Ms. Marcell's mother had a heart attack, and her domineering father insisted in taking care of everything. After 11 years, Ms. Marcell finds her mother on death's door due to the poor care her father has been providing and the home a pig sty. Despite severe personal problems (such as being in recovery from spinal surgery, losing her job, and ending a long-term relationship), she takes on the difficult and thankless task of getting her parents some help. Her father fights her at every turn, using both charm (when he's in his rational mind) and rage (when he's out of control) to get what he wants. Through a tough battle of over 9 months, she is able to find a winning formula and both parents start to improve. You can continue to read the saga of her parents on her web site.

You have to admire Ms. Marcell's courage, her persistence, and her intelligence. Health care providers did not believe that her father was violent, even after he tried to strangle her. In brief interviews, they found him to be charming and penitent (whenever he was caught in the act). Most things she tried didn't work, because he was a lot worse than anyone realized. Whatever his initial problems were with controlling his anger, they got worse as the arteries to his brain clogged. With lots of medical treatment, drugs, behavioral training, and a fantastic caregiver, miracles finally happened.

If either of your parents was physically or verbally abusive when younger, you should read this book.
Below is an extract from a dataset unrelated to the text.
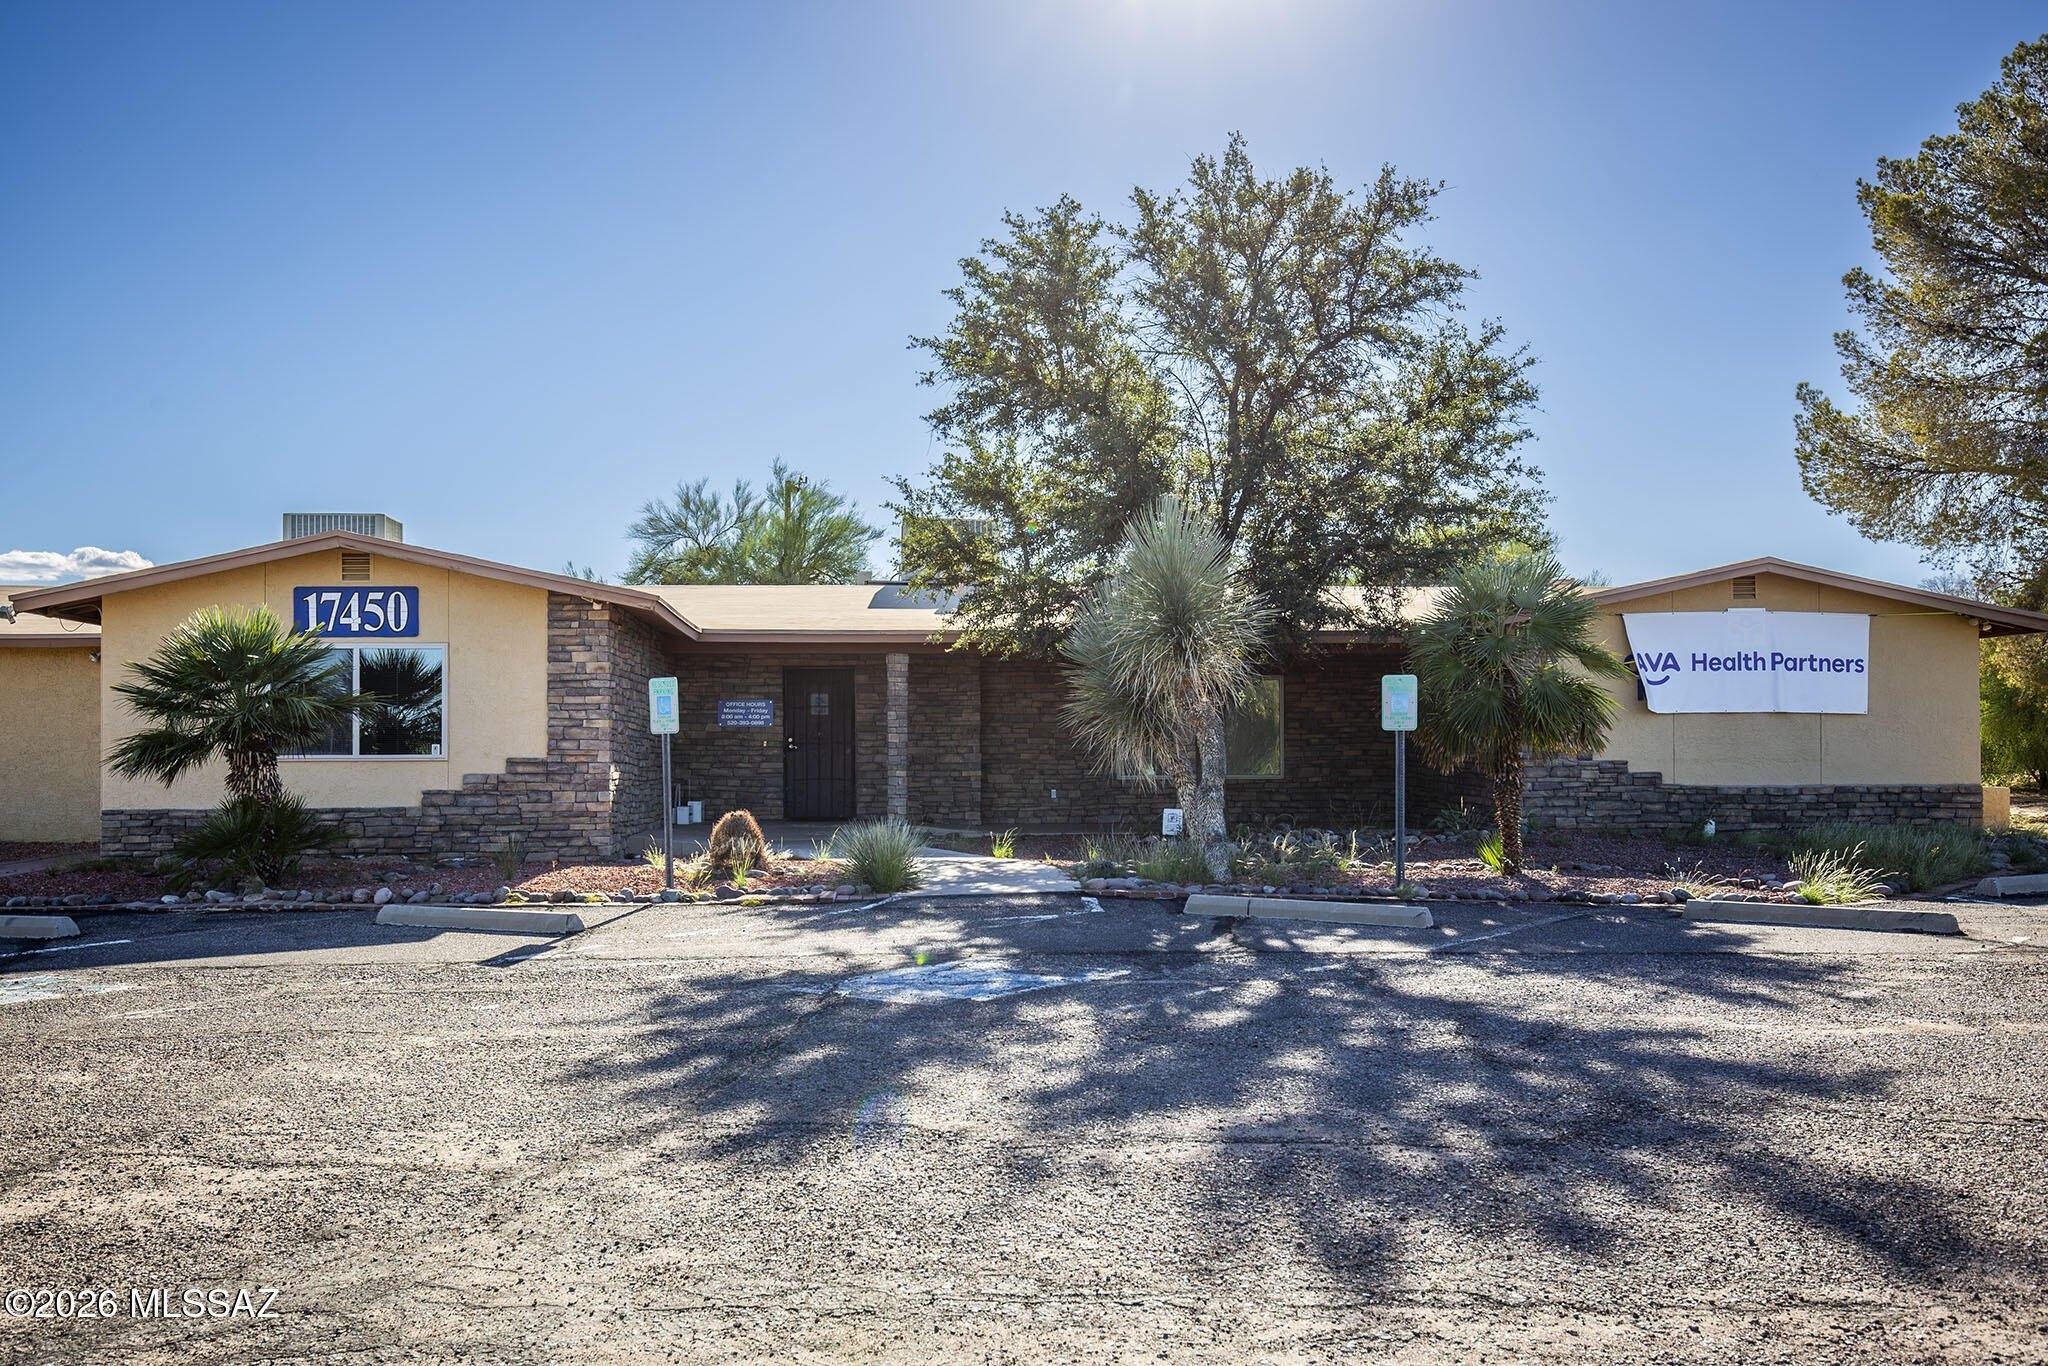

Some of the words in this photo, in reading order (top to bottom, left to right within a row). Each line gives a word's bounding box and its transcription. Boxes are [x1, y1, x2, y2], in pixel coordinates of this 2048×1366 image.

It is full of practical advice in the section at the end.

I graded the book down one star for an imbalance in the presentation. The first 270 pages are the case history of her experiences. As much as I sympathize with Ms. Marcell's horrible experience, this section needed to be shortened. The benefit you will get by reading it all is a sense of the despair that must fill the days of the child trying to help in such a circumstance. I do not begrudge Ms. Marcell writing so much though. It must have been therapy for her.

On the other hand, most readers will find what they need in pages 272 to the end. You certainly need to read enough of the first 270 pages to get a sense of what the problems are like, but unless you find it fascinating . . . feel free to skip forward. You will not be missing much that you need to know.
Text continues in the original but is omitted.